Data shown ::
▬▬▬▬▬▬
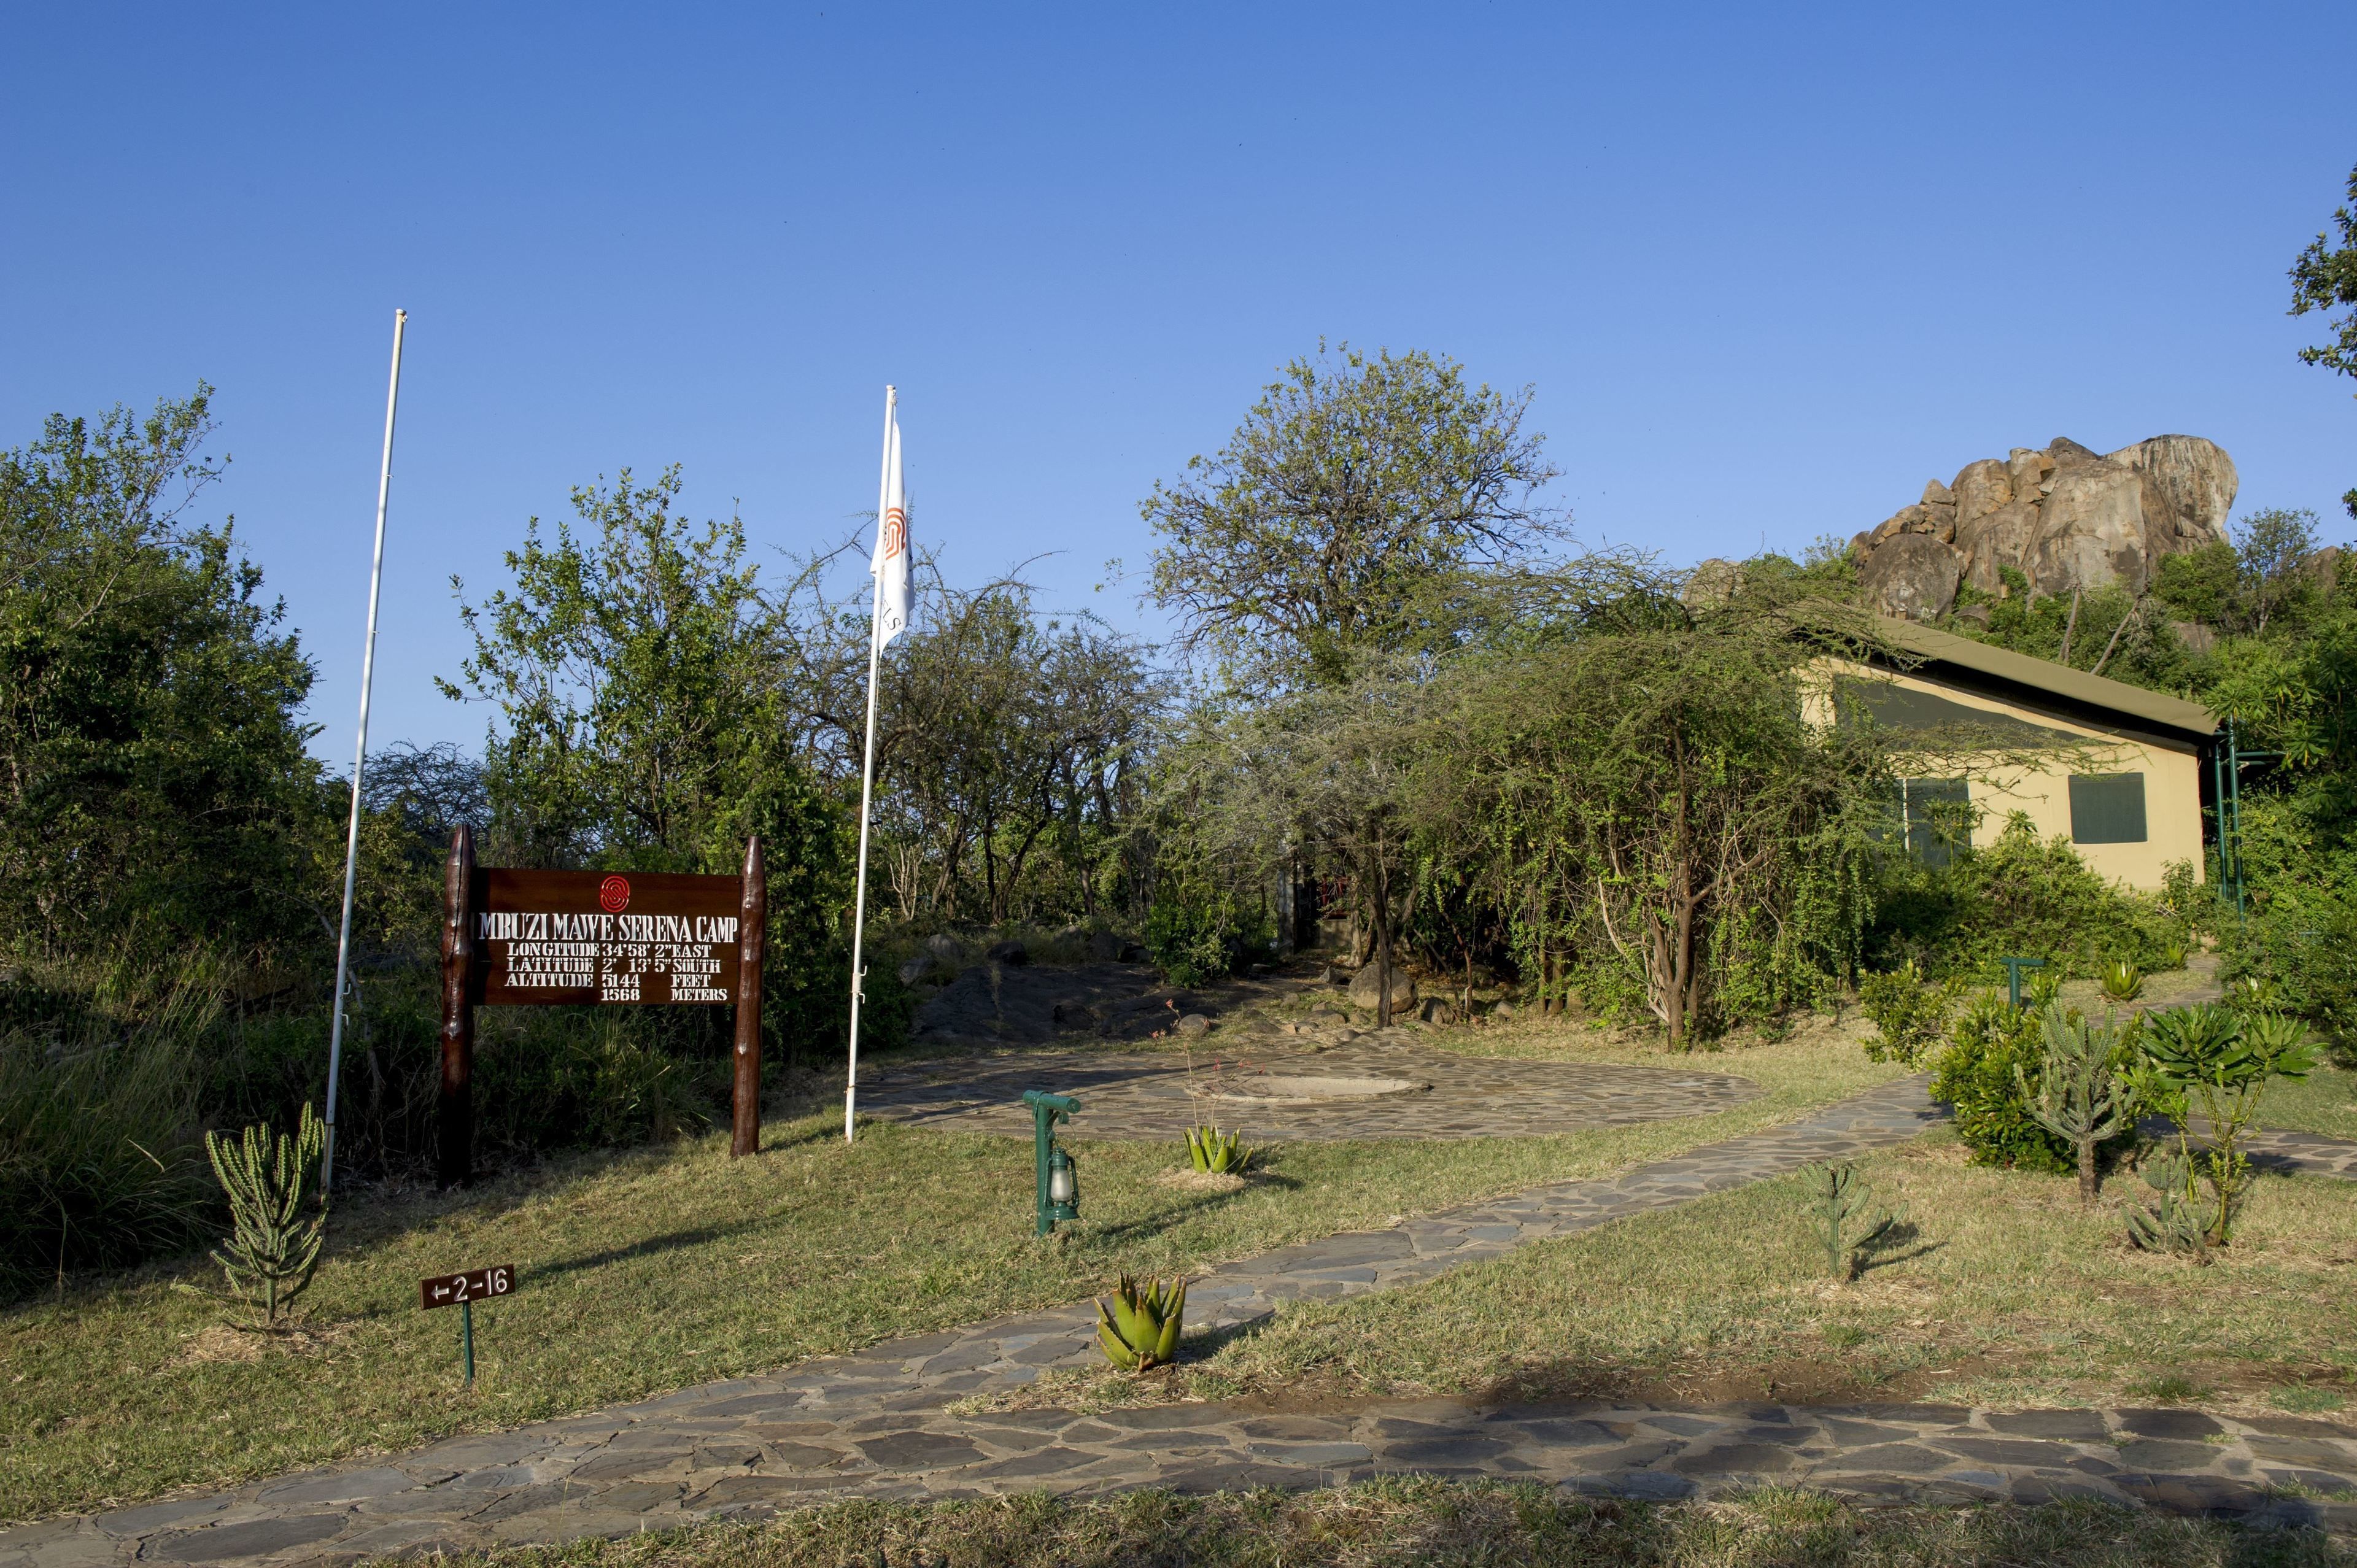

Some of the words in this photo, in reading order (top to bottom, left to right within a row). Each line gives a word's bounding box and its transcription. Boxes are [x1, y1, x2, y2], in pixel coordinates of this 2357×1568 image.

[479, 913, 548, 940] MBUZI
[552, 913, 613, 941] MAWE
[619, 914, 693, 942] SERENA
[696, 916, 738, 943] CAMP
[507, 942, 599, 957] LONGITUDE
[506, 957, 594, 973] LATITUDE
[673, 959, 721, 973] SOUTH
[504, 973, 593, 987] ALTITUDE
[602, 974, 640, 987] 5144
[671, 974, 711, 987] FEET
[601, 989, 640, 1001] 1568
[671, 989, 727, 1001] METERS
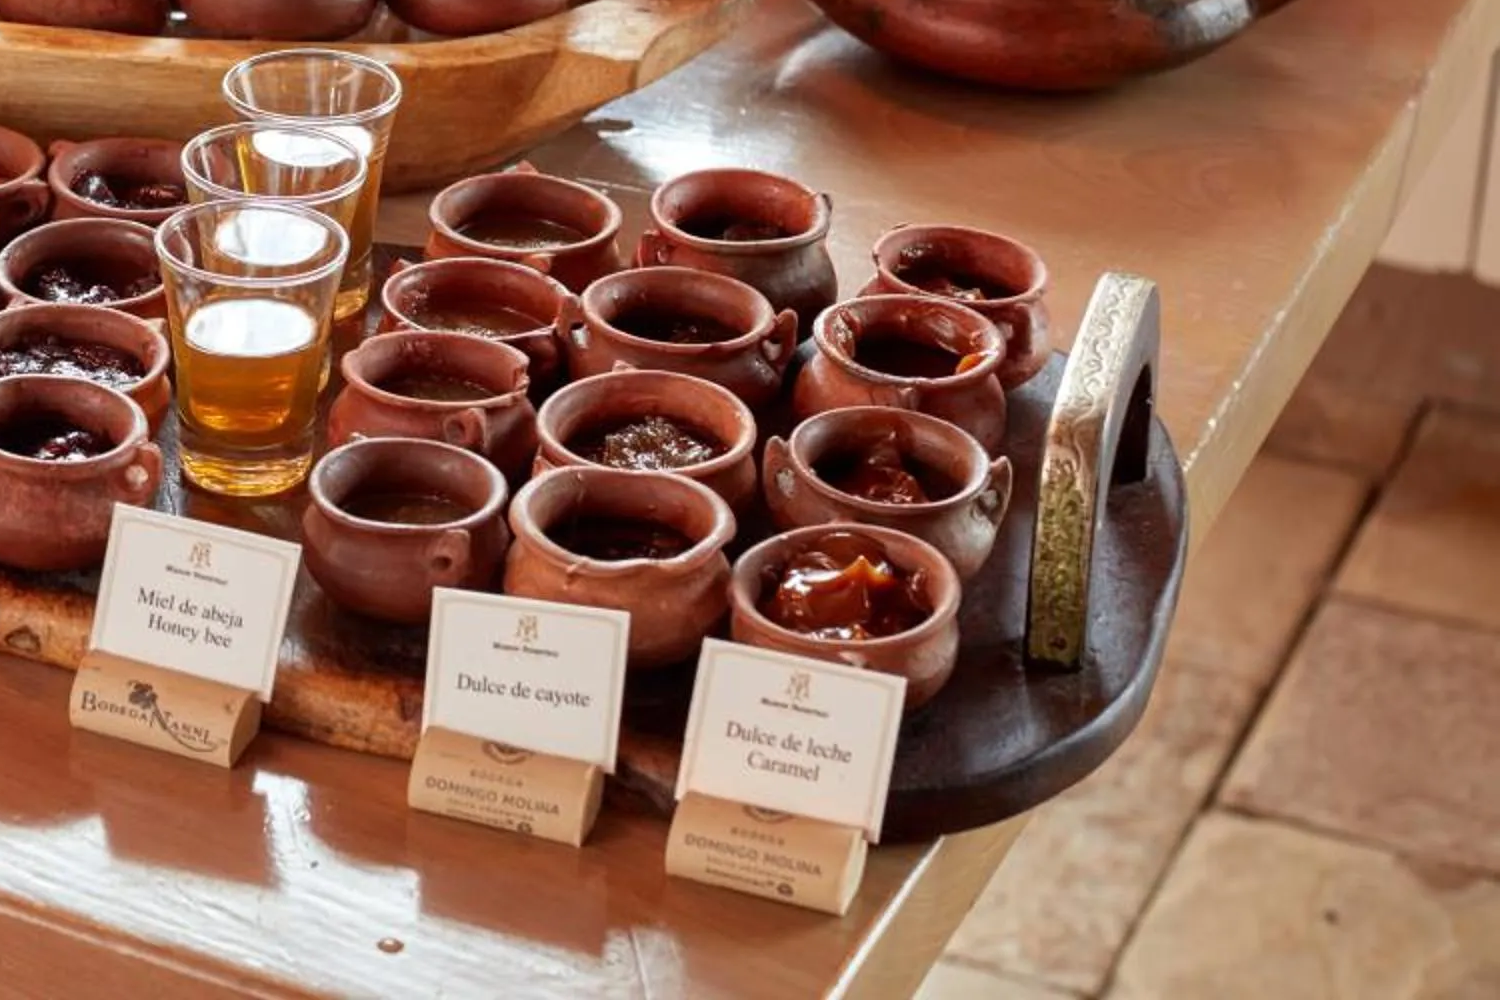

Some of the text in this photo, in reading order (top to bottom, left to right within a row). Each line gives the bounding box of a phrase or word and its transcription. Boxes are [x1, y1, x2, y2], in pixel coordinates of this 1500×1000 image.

[137, 586, 244, 629] Miel de abeja
[147, 613, 233, 649] Honey bee
[456, 672, 591, 709] Dulce de cayote
[725, 719, 852, 764] Dulce de leche
[747, 750, 820, 782] Caramel
[425, 776, 498, 802] DOMINGO
[502, 794, 559, 815] MOLINA
[684, 832, 758, 860] DOMINGO
[763, 852, 822, 877] MOLINA
▬▬▬▬▬▬
The answer must be the lines from the one containing "Some of the text" through the last line of the records, copied exactly, with nothing else.

Some of the text in this photo, in reading order (top to bottom, left to right within a row). Each line gives the bounding box of a phrase or word and its transcription. Boxes are [x1, y1, x2, y2], in pixel coordinates of this 1500×1000 image.

[137, 586, 244, 629] Miel de abeja
[147, 613, 233, 649] Honey bee
[456, 672, 591, 709] Dulce de cayote
[725, 719, 852, 764] Dulce de leche
[747, 750, 820, 782] Caramel
[425, 776, 498, 802] DOMINGO
[502, 794, 559, 815] MOLINA
[684, 832, 758, 860] DOMINGO
[763, 852, 822, 877] MOLINA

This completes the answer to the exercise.